Each player cradles a doll, holds a water-filled bottle, and gets blindfolded. They have 30 seconds to keep the bottle's nipple in the doll's mouth without looking. A judge tracks how long the bottle stays in the right spot. Best feeder wins.
Is this baby shower game safe to do with a real baby in the room?
Don't. The game is doll-only. Real babies require focused care and a blindfolded adult is not the right thing for a real newborn. Keep real babies on a parent's lap during this game.
How long does the Blindfold Bottle Feeding game take to play?
About 1 to 2 minutes per player. Plan 10 to 15 minutes for 6 to 10 players including the swap-over time. Run it as filler between bigger games — it doesn't deserve a centerpiece slot.
Why use water and not formula in the bottle?
Water is safer in case of spills. Formula stains carpets, couches, and the host's nice shirt. The water-vs-formula question gets asked every time and the answer is always water — even at a baby shower with a guest who insists on the realism.
Is the Blindfold Bottle Feeding game appropriate for kids?
Mostly for adults.

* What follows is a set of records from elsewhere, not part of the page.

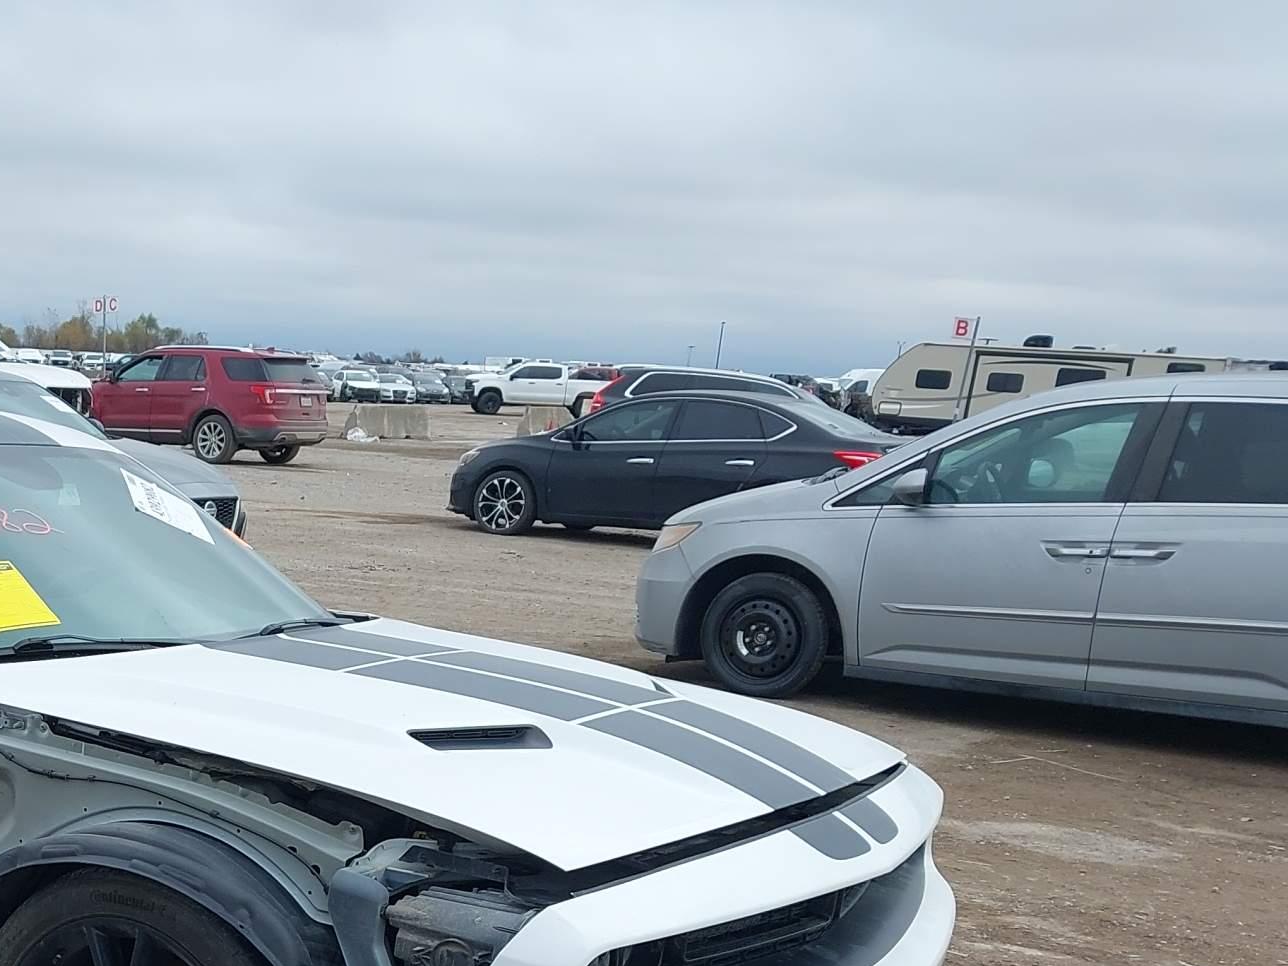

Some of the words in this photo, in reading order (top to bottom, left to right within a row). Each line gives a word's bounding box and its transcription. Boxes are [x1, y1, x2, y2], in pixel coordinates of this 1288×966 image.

[95, 299, 103, 313] D
[109, 298, 117, 311] C
[955, 319, 969, 336] B
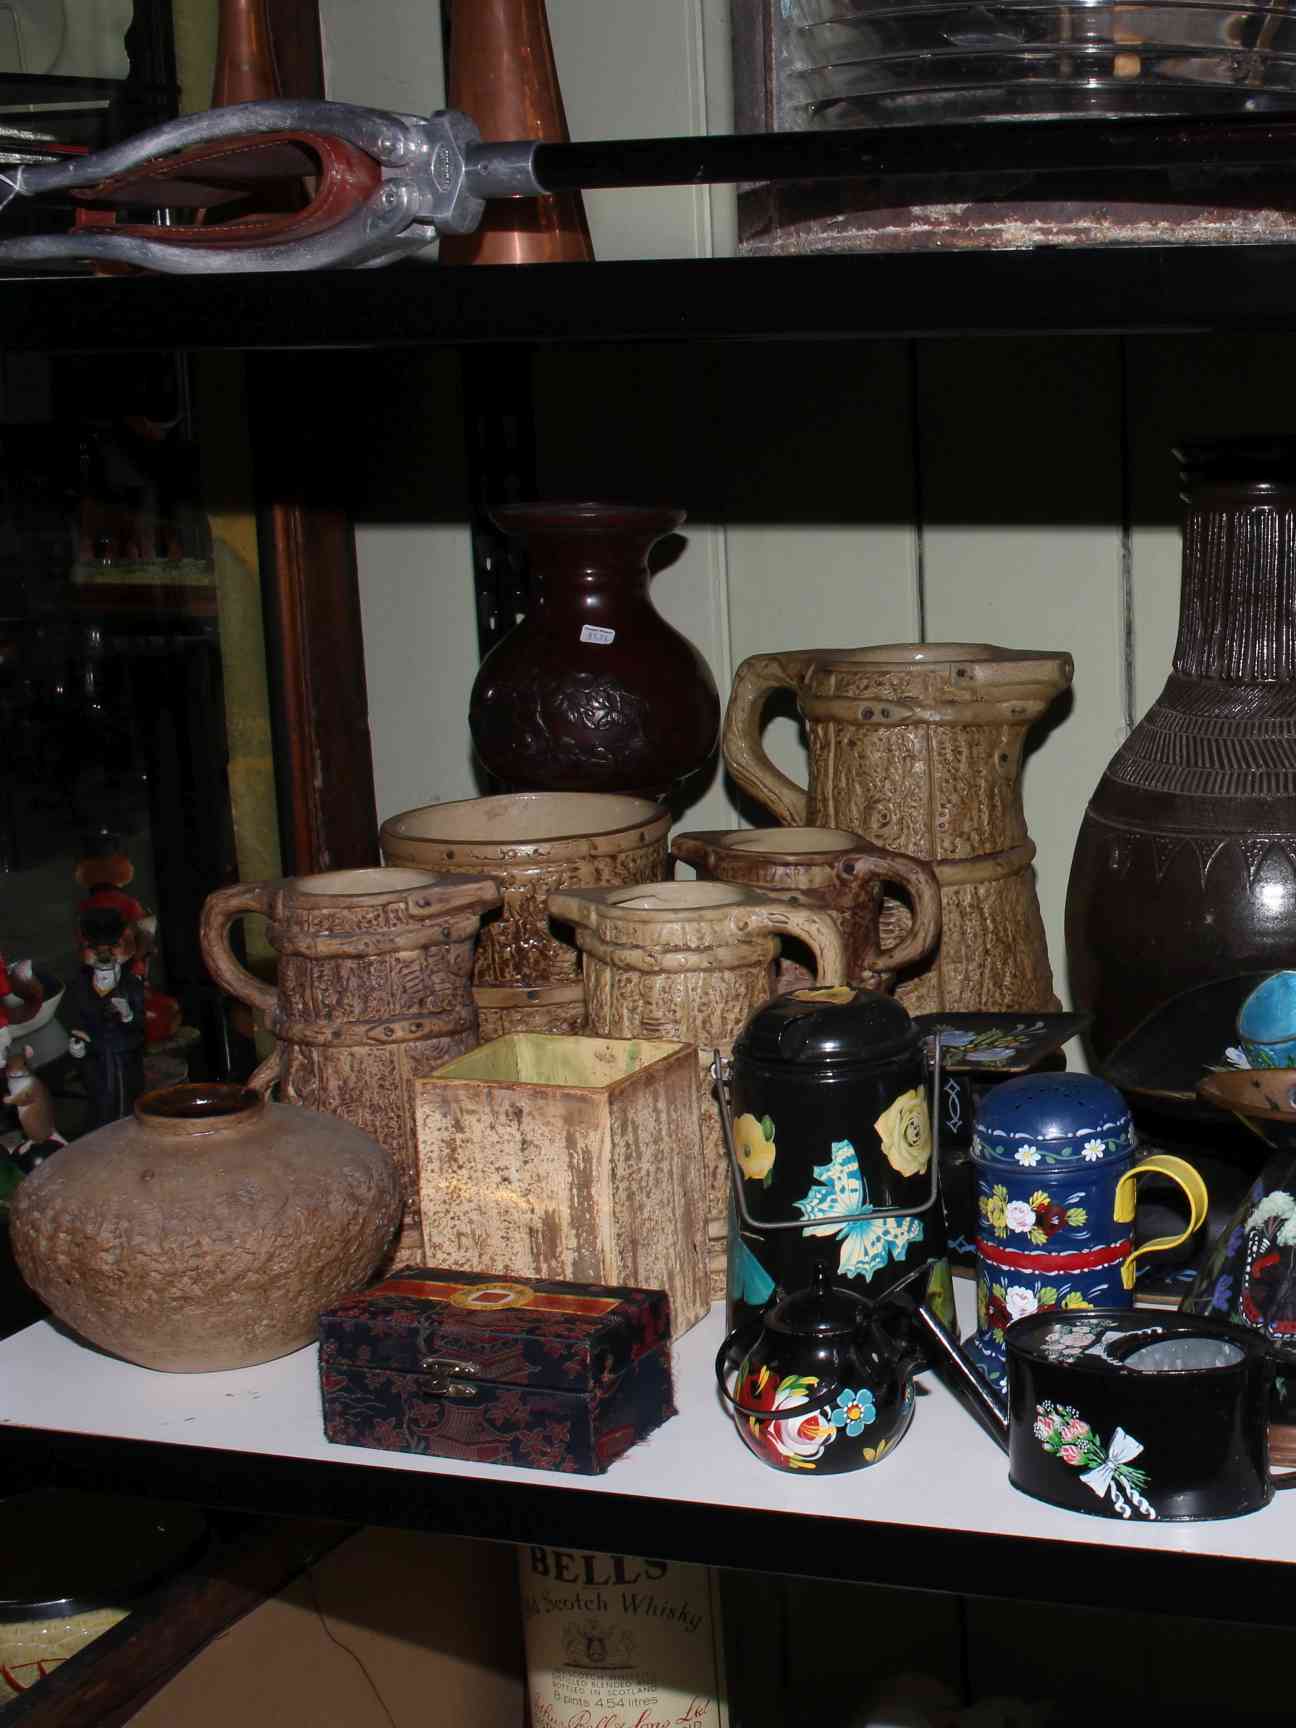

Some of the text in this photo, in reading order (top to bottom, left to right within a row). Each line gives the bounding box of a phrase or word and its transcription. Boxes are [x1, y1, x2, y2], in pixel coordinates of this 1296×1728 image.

[543, 1591, 608, 1613] Scotch
[621, 1592, 703, 1632] Whisky
[563, 1696, 590, 1708] pints
[628, 1696, 659, 1707] litres

Younger kids may not understand the blindfold rule and tend to peek. Older kids (10-plus) can play under supervision. For a baby shower with younger kids in the room, switch to the one-handed-feed variation instead.
Can pregnant guests play the Blindfold Bottle Feeding baby shower game?
Yes — it's seated work, no physical demand. The mom-to-be doesn't compete (she's the honorary judge) but other pregnant guests are fine. Skip the bouncing-chair variation if anyone has balance issues — coordinating a moving doll while blindfolded gets dicey.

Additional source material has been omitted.